Lingqui shrugged. "Perhaps things are not as they seem, Highness, I know not. We cannot change the things that have been. We must focus on changing the what-may-bes so as to safeguard the kingdom. There were, perhaps, cruel kings in the history of the kingdom. That has been true in every civilization to the beginning of time. Shall we go to the next door now?"
"I suppose," Ashanta replied, "though I hope not to find any more skeletons."

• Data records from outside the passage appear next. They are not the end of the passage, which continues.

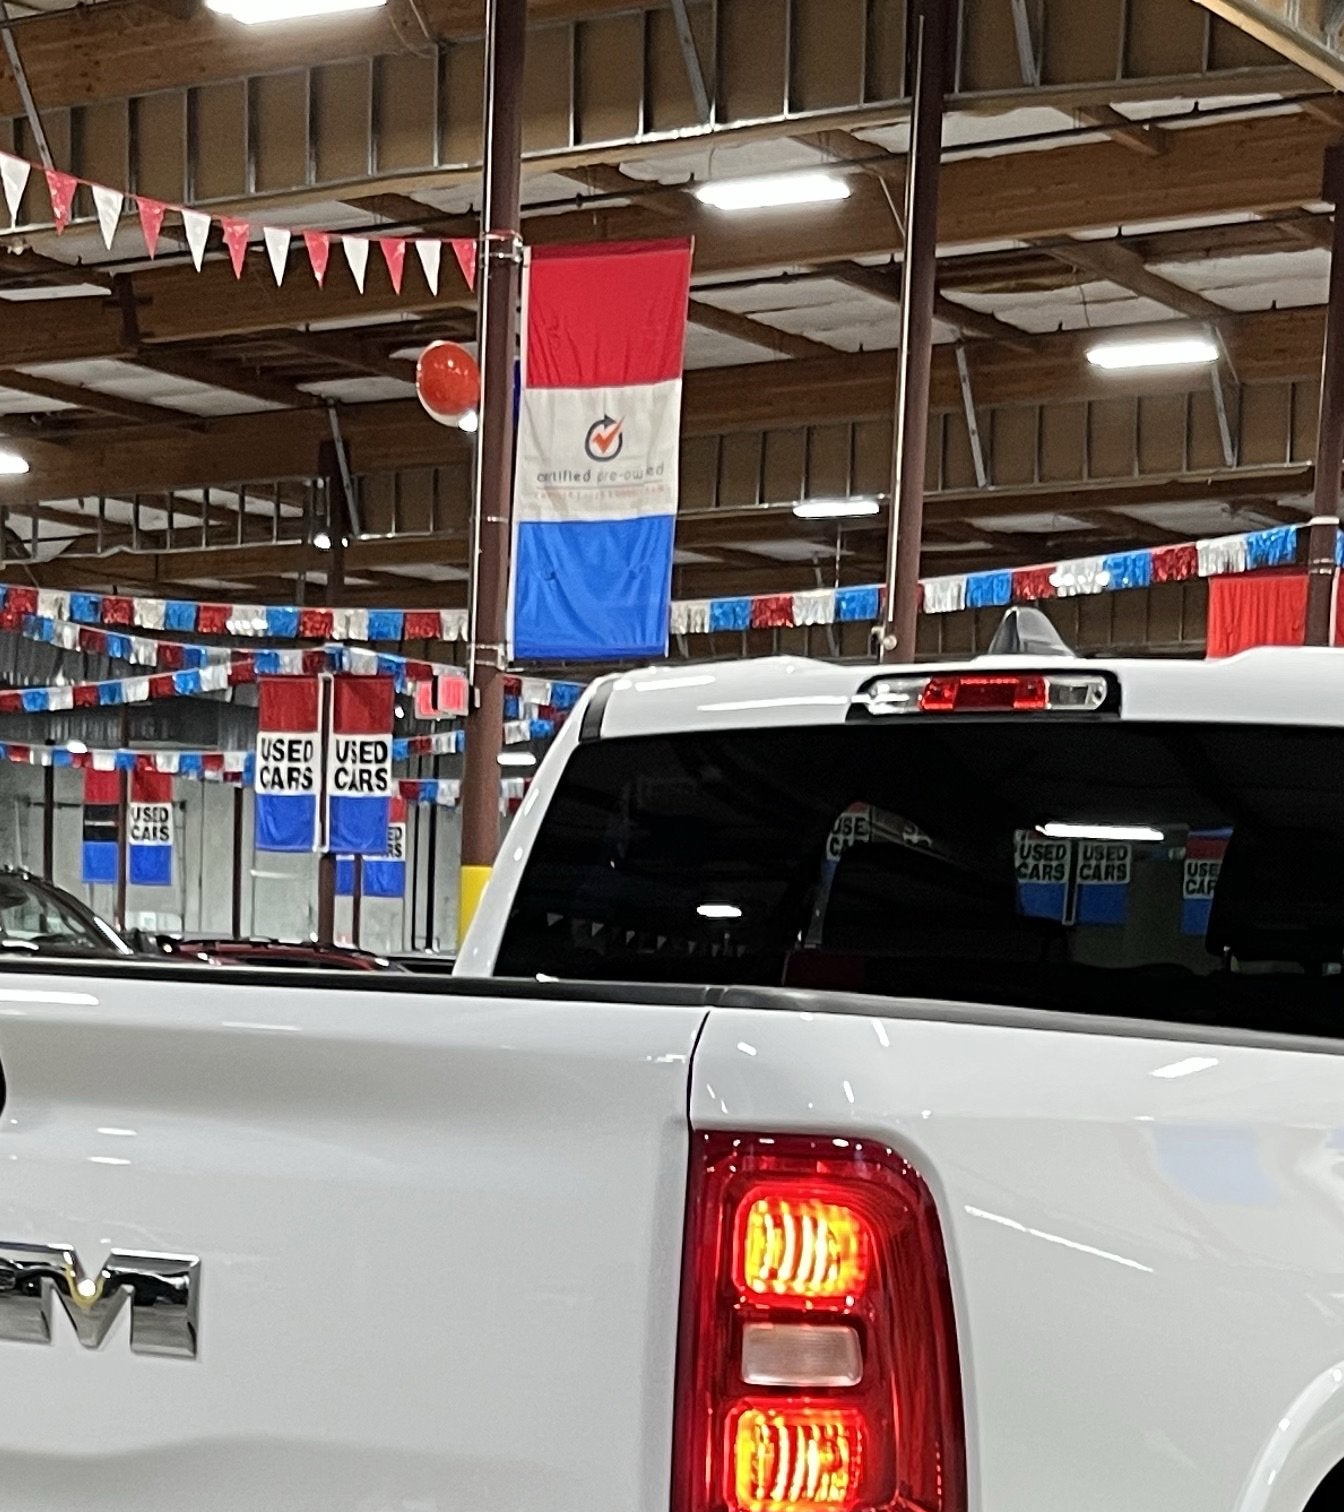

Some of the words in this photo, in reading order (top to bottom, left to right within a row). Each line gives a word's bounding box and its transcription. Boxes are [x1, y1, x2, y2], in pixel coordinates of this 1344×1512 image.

[596, 463, 665, 483] pre-owed
[261, 737, 314, 763] USED
[335, 739, 388, 764] USED
[259, 766, 314, 790] CARS
[334, 767, 389, 792] CARS
[131, 806, 169, 824] USED
[1019, 842, 1066, 861] USED
[1082, 843, 1128, 862] USED
[1017, 862, 1066, 881] CARS
[1080, 862, 1128, 881] CARS
[1187, 861, 1218, 878] USE

The next three cells proved to be much the same as the first two cells, and they passed through them quickly, with neither wall tapping nor floor searching yielding any clues. The sixth door proved impossible to open using Lingqui's tool, and they chose to save it for the end, along with the two guards' rooms that adjoined it. All of the remaining cell doors opened readily but proved to be empty of anything of interest.

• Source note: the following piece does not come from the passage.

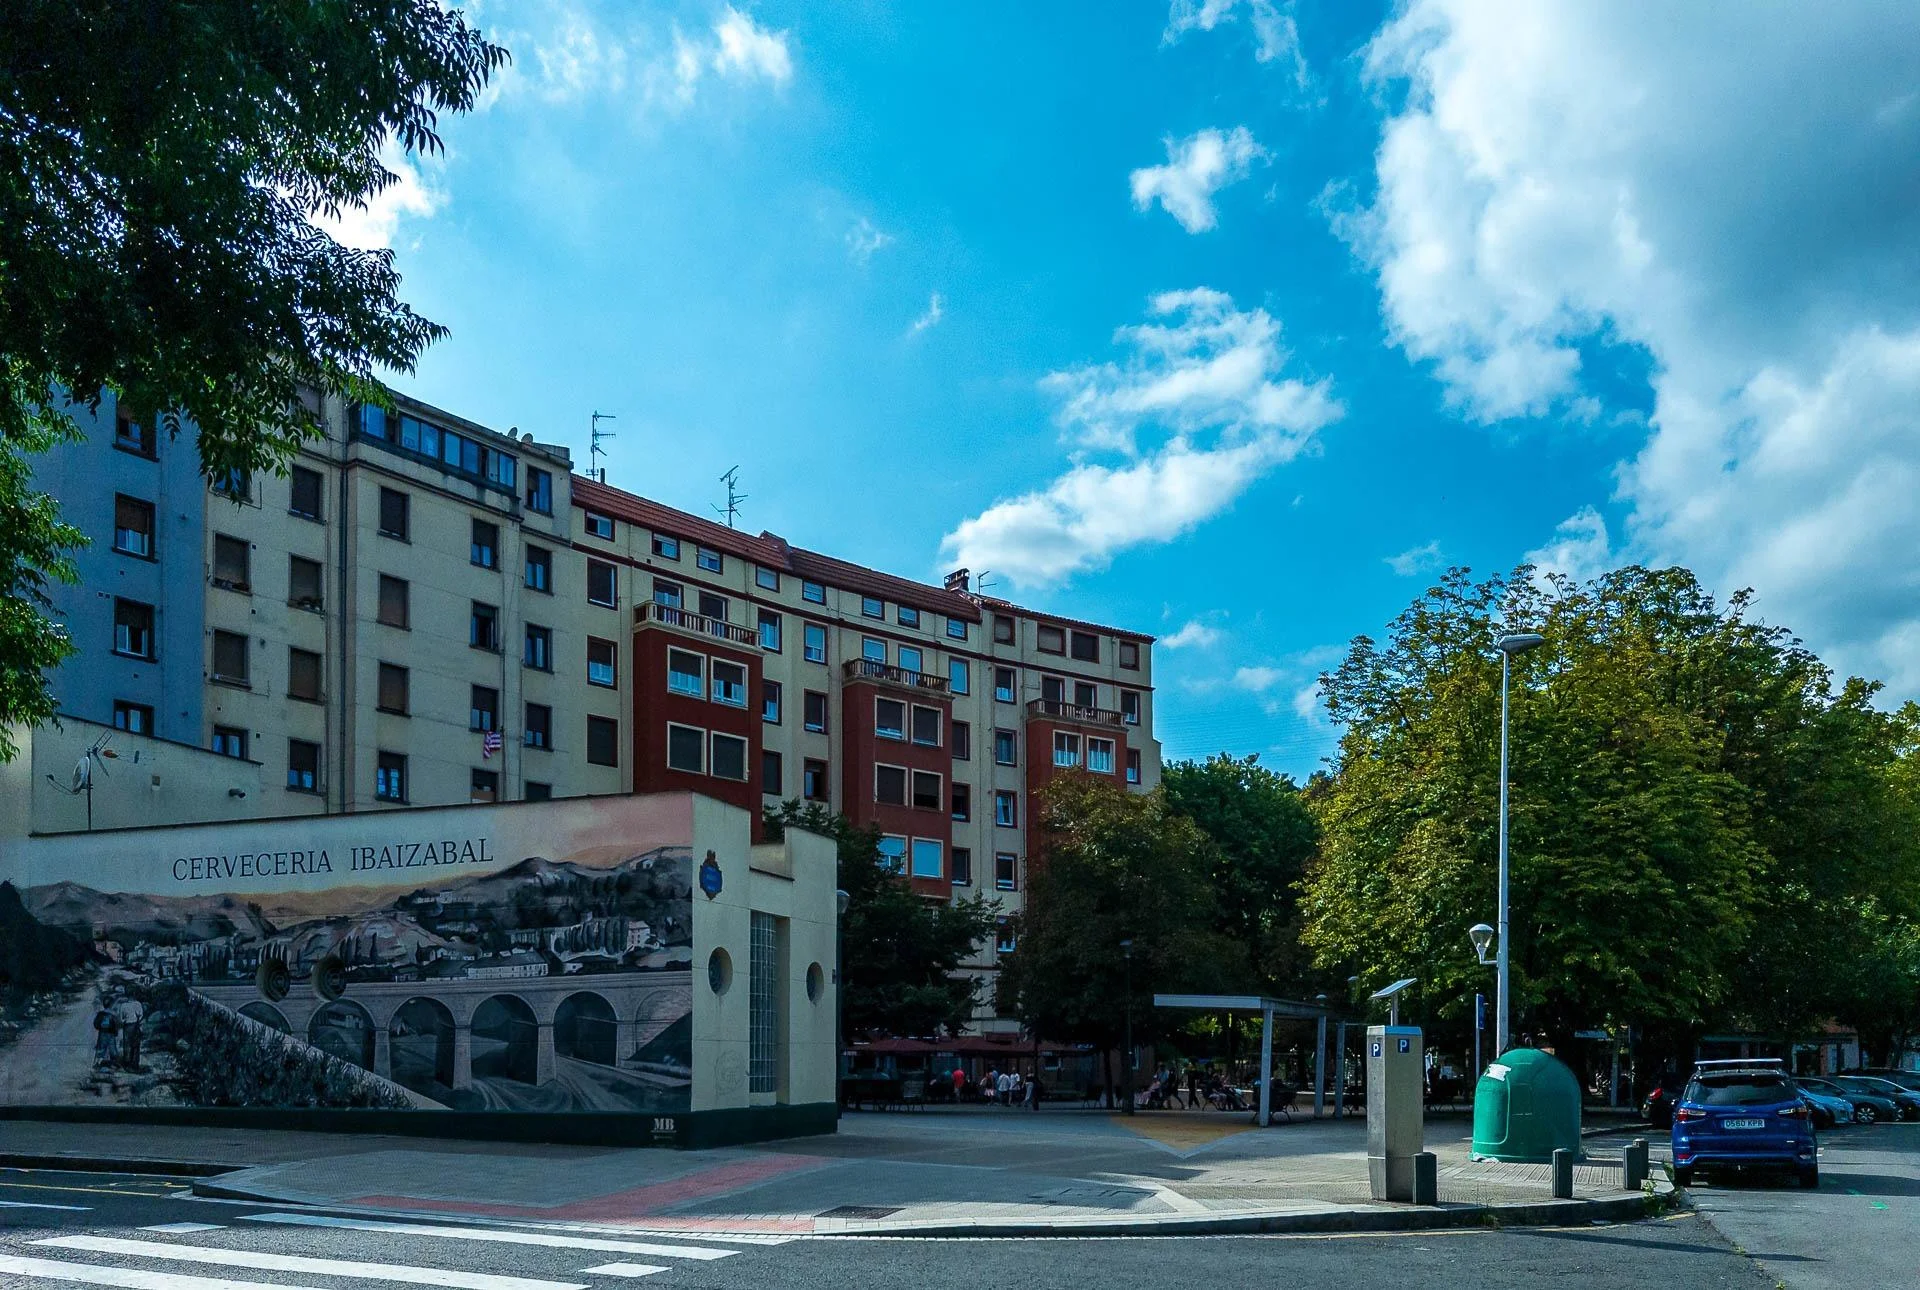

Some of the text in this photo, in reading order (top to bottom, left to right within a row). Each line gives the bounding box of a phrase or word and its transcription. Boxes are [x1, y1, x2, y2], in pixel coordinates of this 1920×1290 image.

[172, 838, 494, 881] CERVECERIA IBAIZABAL
[1373, 1043, 1379, 1056] P
[1400, 1039, 1407, 1052] P
[654, 1117, 675, 1130] MB

"Well," said Sharra, "all that remains now are the two guards' rooms and the door to the cell that won't open. Which do we try first?"
Ashanta replied without thinking, "Oh, let's us do the guards' rooms first. We can see straight into them and there isn't anything scary about them, or surely it would have come out by now, we've been wandering about in here for so long."
Lingqui nodded, "I think that Highness is right. We should investigate the guards' rooms first, paying especial attention to the space that is under the collapsed beds in the right hand room."
A thorough inspection of the two rooms led the three to conclude that if there was indeed an escape route from the dungeons, then it must be behind the final door. Lingqui walked over and inspected it closely. "I think that the door is locked," he announced, "but the wood is old. It may be that I can break the lock free from the door using a pocket knife." He slipped his knife between the door frame and the lock and prised inwards. The lock fell away from the door, and the door opened a crack.